The compounds 9 and 7 displayed a good antibacterial activity for the strains tested and, together with the results of the EtOAc extract, have shown pronounced efficacy against the Gram-positive bacteria S. aureus.

Conclusions

The LC-ESI-MSⁿ analysis established a method for identifying naphthopyranones in the EtOAc extract of capitula from Paepalanthus planifolius in which 15 compounds were characterized. This is the first report on naphthopyranones dimers in Paepalanthus by LC-MS and this methodology could be used to identify these naphthopyranones in other Paepalanthus species. It is also suggested that the antimicrobial activity against Staphylococcus aureus shown by the EtOAc extract is due to the presence of naphthopyranones derivatives, including the new planifoliusin A (9) compound and vioxanthin (7). Future studies may be made to isolate the new naphthopyranones dimers proposed (10-15) to obtain spectroscopic data and their antimicrobial activities.

Experimental

General experimental procedures

¹H NMR (600 MHz), ¹³C NMR (150 MHz), gHMBC, gHSQC and gCOSY experiments were conducted on a Bruker Avance III 600 spectrometer using the non-deuterated residual solvent signal as a reference. Optical rotation was measured on a PerkinElmer 341-LC polarimeter. Circular dichroism was measured on a Jasco J-815 CD spectrometer. HPLC separations were carried out on a Jasco (PU-2089 Solvent Delivery Module and AS-2055 AutoSampler) coupled with a Jasco MD-2018 photodiode array detector (DAD) system using an RP-18 column (Knauer, Eurospher II 250.0 × 8.0 mm, 5 µm, flow rate 3.2 mL min^-1) along with the protective guard column Phenomenex (4 × 3 mm). All solvents were purchased from Sigma-Aldrich (St. Louis, MO, USA), and Tedia (Fairfield, OH, USA) for HPLC analysis. The chromatography column was carried out on Sephadex LH-20 (75 × 2.0 cm, i.d.) obtained from Merck (Darmstadt, Germany).

LC-MS analysis

For the LC-MS analysis, 2.0 mg of the extract was dissolved in 2 mL of methanol:water (7:3, v/v). For both the analyses, the solution was filtered through a 0.22 µm polytetrafluoroethylene (PTFE) membrane and aliquots of 10 µL were directly injected into the LC-MS system.

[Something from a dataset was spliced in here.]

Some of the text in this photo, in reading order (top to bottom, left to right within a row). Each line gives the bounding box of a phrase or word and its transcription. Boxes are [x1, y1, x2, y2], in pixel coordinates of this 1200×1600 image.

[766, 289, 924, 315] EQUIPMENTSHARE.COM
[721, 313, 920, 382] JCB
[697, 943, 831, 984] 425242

The LC-ESI-TOF-HRMS experiment was performed using a UFLC (Shimadzu, Japan) containing two LC20AD solvent pumps, a SIL20A_HT auto sampler, a CTO20A column oven and a CBM20A system controller and a diode array detector (SPD-M20AV), coupled with a microTOF (Bruker Daltonics, USA) mass spectrometer. The analyses were performed under the following conditions: capillary voltage, 3.5 kV; capillary temperature, 220 °C; end plate offset voltage, 490 V; nebulizer gas pressure, 5.5 bar; dry gas (N₂), 10 L min^-1. Mass spectra were measured from m/z 50-1300 in positive ion mode.

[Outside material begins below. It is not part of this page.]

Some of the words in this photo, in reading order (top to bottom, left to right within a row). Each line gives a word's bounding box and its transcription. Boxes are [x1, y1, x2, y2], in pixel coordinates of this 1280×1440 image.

The LC-ESI-IT-MS/MS analyses were performed using a UFLC (Shimadzu), coupled with an AmaZon SL ion trap mass spectrometer (Bruker). The ion trap acquisition parameters were as follows: capillary voltage, 3.5 kV; end plate offset, 500 V; nebulizer gas pressure, 60 psi; dry gas (N₂), 10 L min^-1; dry gas temperature, 320 °C. CID fragmentation was achieved in auto-MS/MS mode.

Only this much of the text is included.